[Referring expression grounding data]

# # # # #

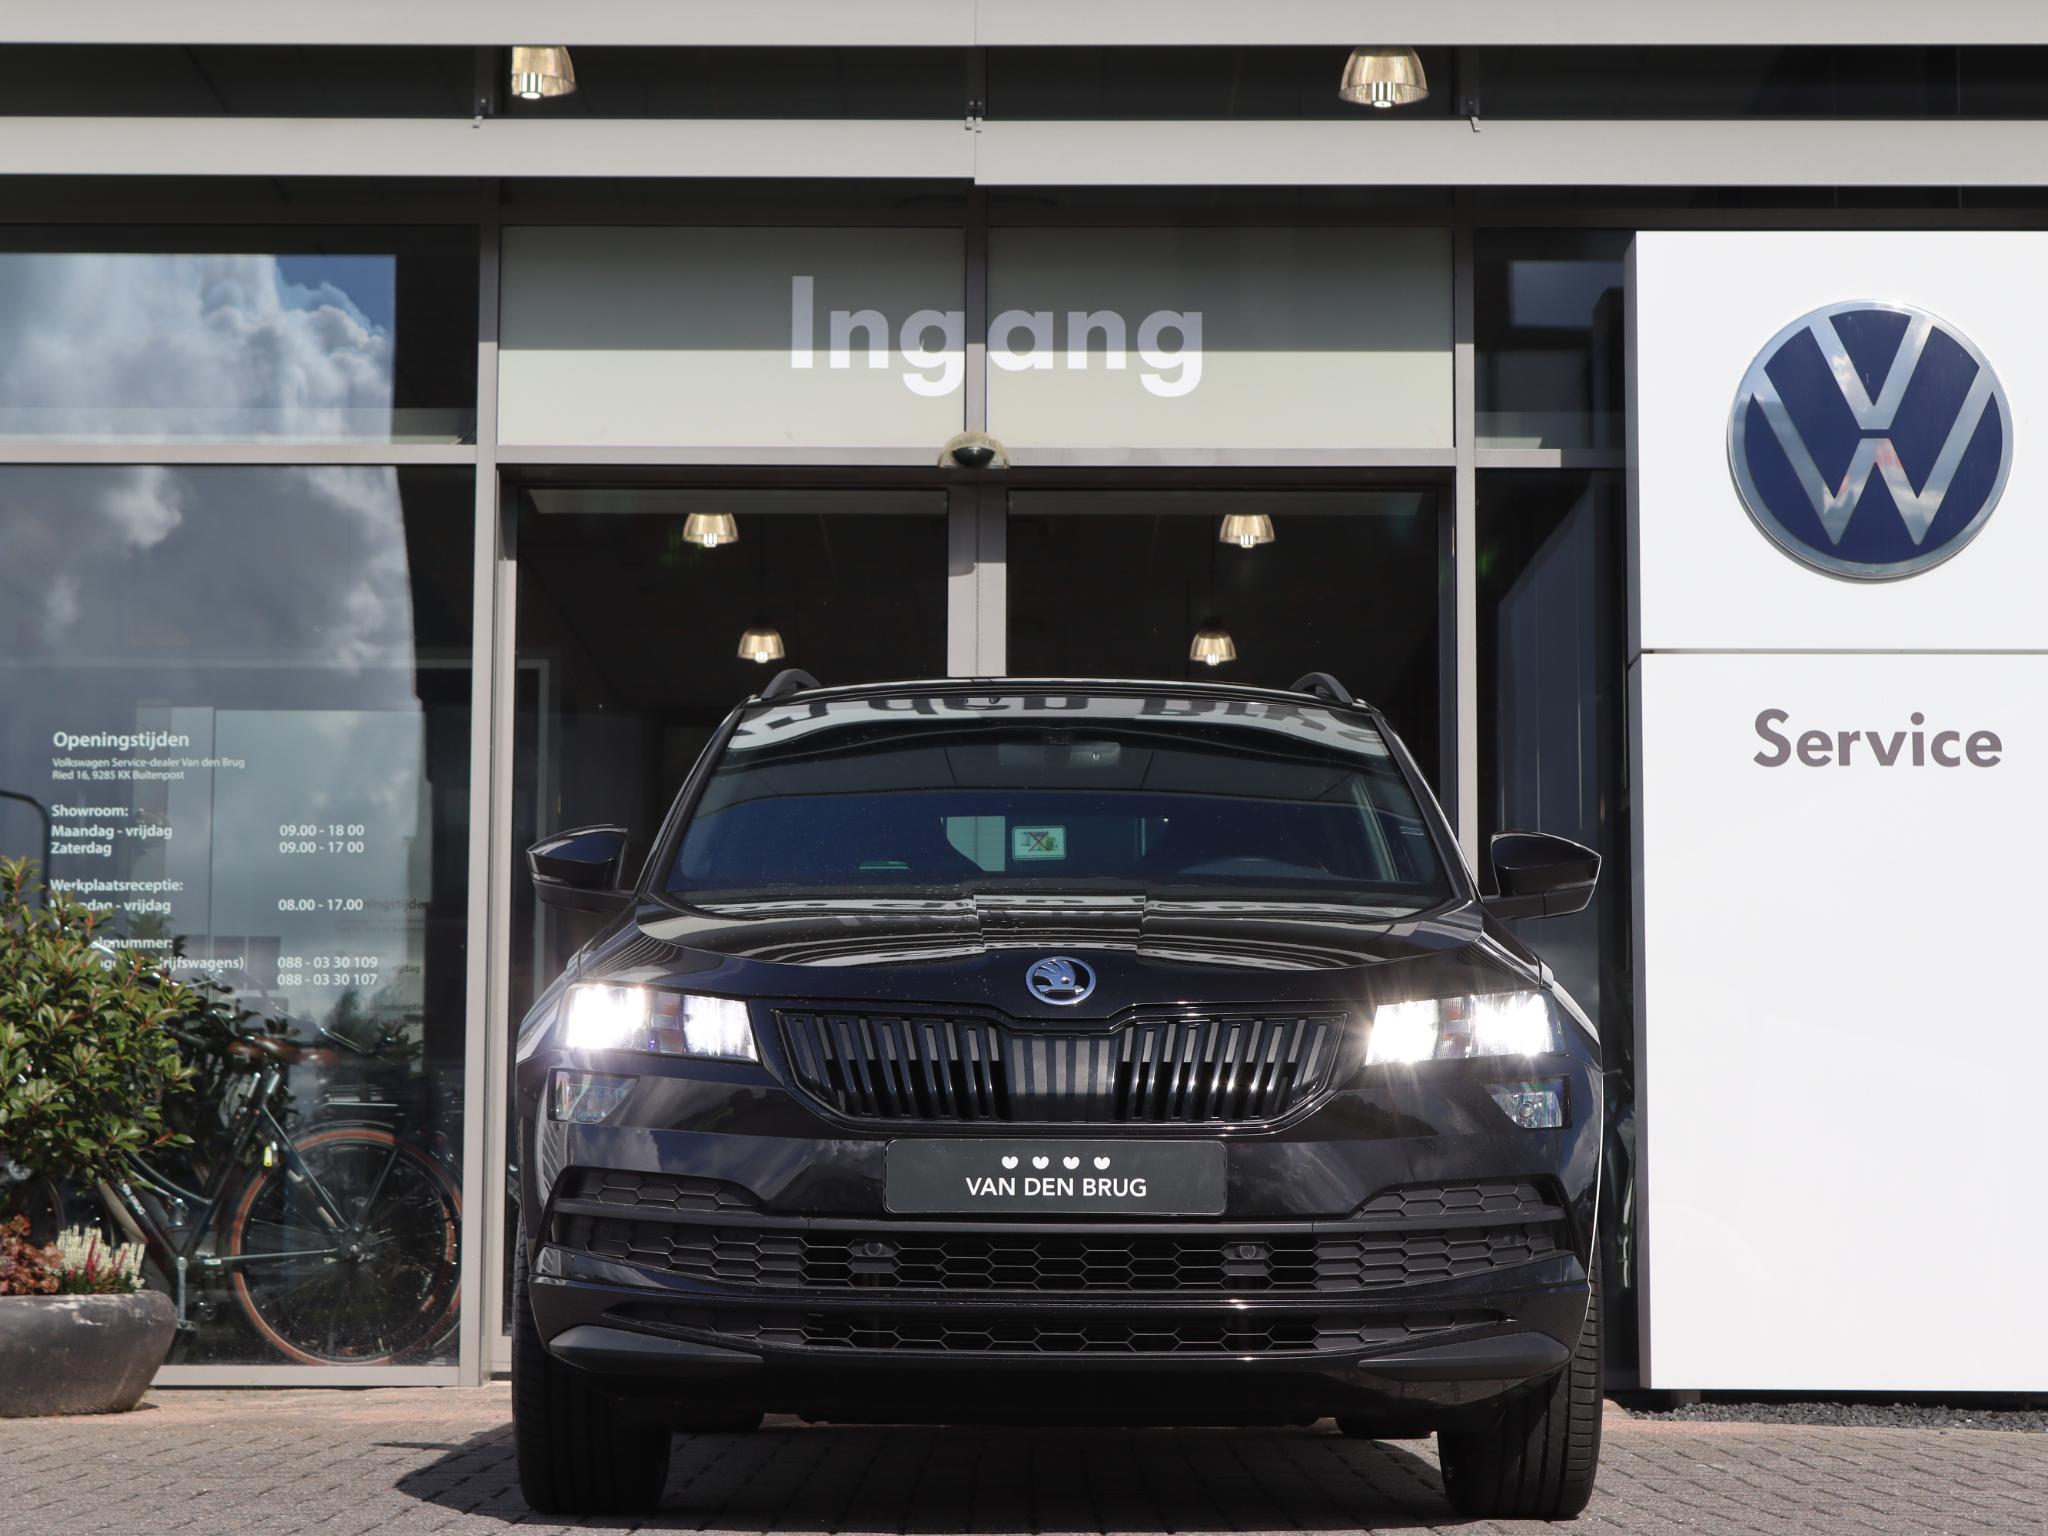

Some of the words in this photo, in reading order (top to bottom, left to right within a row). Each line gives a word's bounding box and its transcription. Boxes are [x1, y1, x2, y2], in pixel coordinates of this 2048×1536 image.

[791, 276, 1203, 397] Ingang
[53, 731, 190, 751] Openingstijden
[1752, 708, 2003, 769] Service
[52, 757, 110, 769] Volkswagen
[111, 757, 180, 768] Service-dealer
[181, 757, 200, 768] Van
[201, 757, 221, 768] den
[221, 757, 245, 769] Brug
[52, 770, 74, 780] Ried
[76, 770, 90, 781] 16,
[92, 770, 116, 780] 9285
[117, 770, 131, 780] KK
[132, 770, 184, 782] Buitenpost
[51, 804, 129, 817] Showroom:
[51, 824, 115, 840] Maandag
[125, 824, 172, 840] vrijdag
[279, 824, 317, 836] 09.00
[51, 841, 112, 857] Zaterdag
[279, 841, 317, 853] 09.00
[50, 879, 184, 894] Werkplaatsreceptie:
[123, 899, 171, 914] vrijdag
[278, 899, 316, 911] 08.00
[327, 899, 364, 911] 17.00
[277, 956, 302, 968] 088
[313, 956, 331, 968] 03
[333, 956, 350, 968] 30
[354, 956, 378, 968] 109
[277, 973, 302, 985] 088
[313, 973, 331, 985] 03
[333, 973, 350, 985] 30
[354, 973, 378, 985] 107
[966, 1177, 1016, 1196] VAN
[1024, 1177, 1075, 1196] DEN
[1082, 1178, 1147, 1197] BRUG

# # # # #

▶ [Task brief]: Write out the data above exactly as it appears, but without any image.

▶ [The answer]:
Some of the words in this photo, in reading order (top to bottom, left to right within a row). Each line gives a word's bounding box and its transcription. Boxes are [x1, y1, x2, y2], in pixel coordinates of this 2048×1536 image.

[791, 276, 1203, 397] Ingang
[53, 731, 190, 751] Openingstijden
[1752, 708, 2003, 769] Service
[52, 757, 110, 769] Volkswagen
[111, 757, 180, 768] Service-dealer
[181, 757, 200, 768] Van
[201, 757, 221, 768] den
[221, 757, 245, 769] Brug
[52, 770, 74, 780] Ried
[76, 770, 90, 781] 16,
[92, 770, 116, 780] 9285
[117, 770, 131, 780] KK
[132, 770, 184, 782] Buitenpost
[51, 804, 129, 817] Showroom:
[51, 824, 115, 840] Maandag
[125, 824, 172, 840] vrijdag
[279, 824, 317, 836] 09.00
[51, 841, 112, 857] Zaterdag
[279, 841, 317, 853] 09.00
[50, 879, 184, 894] Werkplaatsreceptie:
[123, 899, 171, 914] vrijdag
[278, 899, 316, 911] 08.00
[327, 899, 364, 911] 17.00
[277, 956, 302, 968] 088
[313, 956, 331, 968] 03
[333, 956, 350, 968] 30
[354, 956, 378, 968] 109
[277, 973, 302, 985] 088
[313, 973, 331, 985] 03
[333, 973, 350, 985] 30
[354, 973, 378, 985] 107
[966, 1177, 1016, 1196] VAN
[1024, 1177, 1075, 1196] DEN
[1082, 1178, 1147, 1197] BRUG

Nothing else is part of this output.